Top of SOURCE MATERIAL

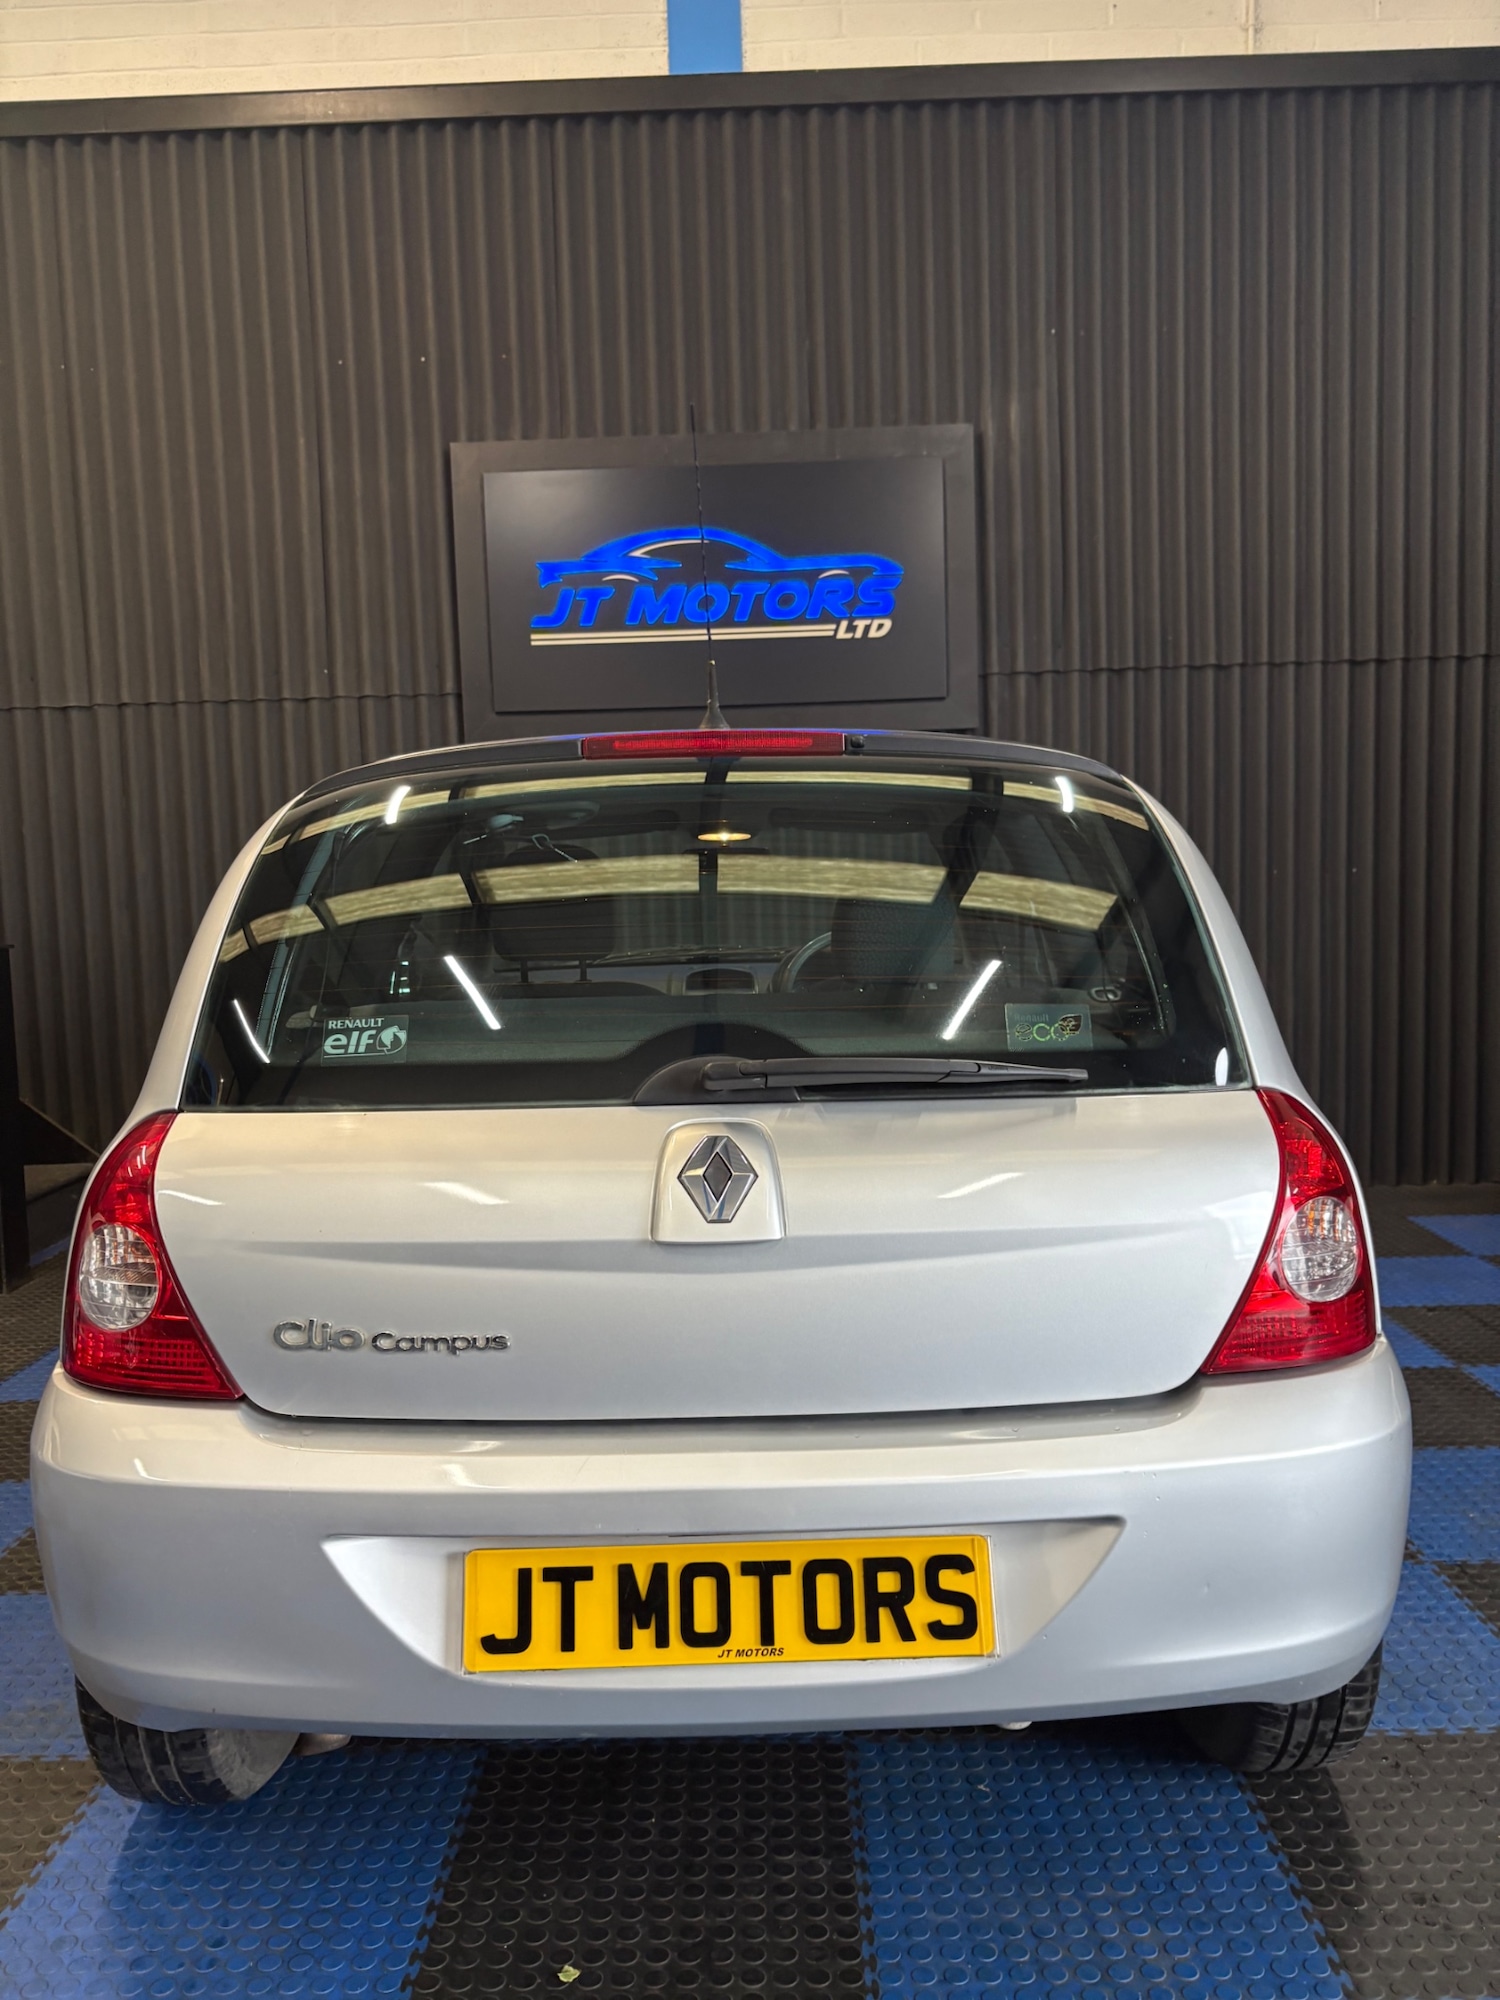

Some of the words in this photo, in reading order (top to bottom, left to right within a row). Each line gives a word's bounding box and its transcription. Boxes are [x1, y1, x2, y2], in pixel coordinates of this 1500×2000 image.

[530, 586, 615, 628] JT
[624, 576, 903, 625] MOTORS
[835, 618, 892, 640] LTD
[327, 1018, 385, 1029] RENAULT
[323, 1029, 377, 1055] elf
[273, 1317, 366, 1351] Clio
[370, 1330, 512, 1357] Campus
[480, 1565, 594, 1655] JT
[618, 1553, 979, 1650] MOTORS
[717, 1649, 733, 1658] JT
[735, 1647, 785, 1658] MOTORS

Bottom of SOURCE MATERIAL

_TASK:_
The records, exactly as written but without images, should be returned.

_TASK OUTPUT:_
Some of the words in this photo, in reading order (top to bottom, left to right within a row). Each line gives a word's bounding box and its transcription. Boxes are [x1, y1, x2, y2], in pixel coordinates of this 1500×2000 image.

[530, 586, 615, 628] JT
[624, 576, 903, 625] MOTORS
[835, 618, 892, 640] LTD
[327, 1018, 385, 1029] RENAULT
[323, 1029, 377, 1055] elf
[273, 1317, 366, 1351] Clio
[370, 1330, 512, 1357] Campus
[480, 1565, 594, 1655] JT
[618, 1553, 979, 1650] MOTORS
[717, 1649, 733, 1658] JT
[735, 1647, 785, 1658] MOTORS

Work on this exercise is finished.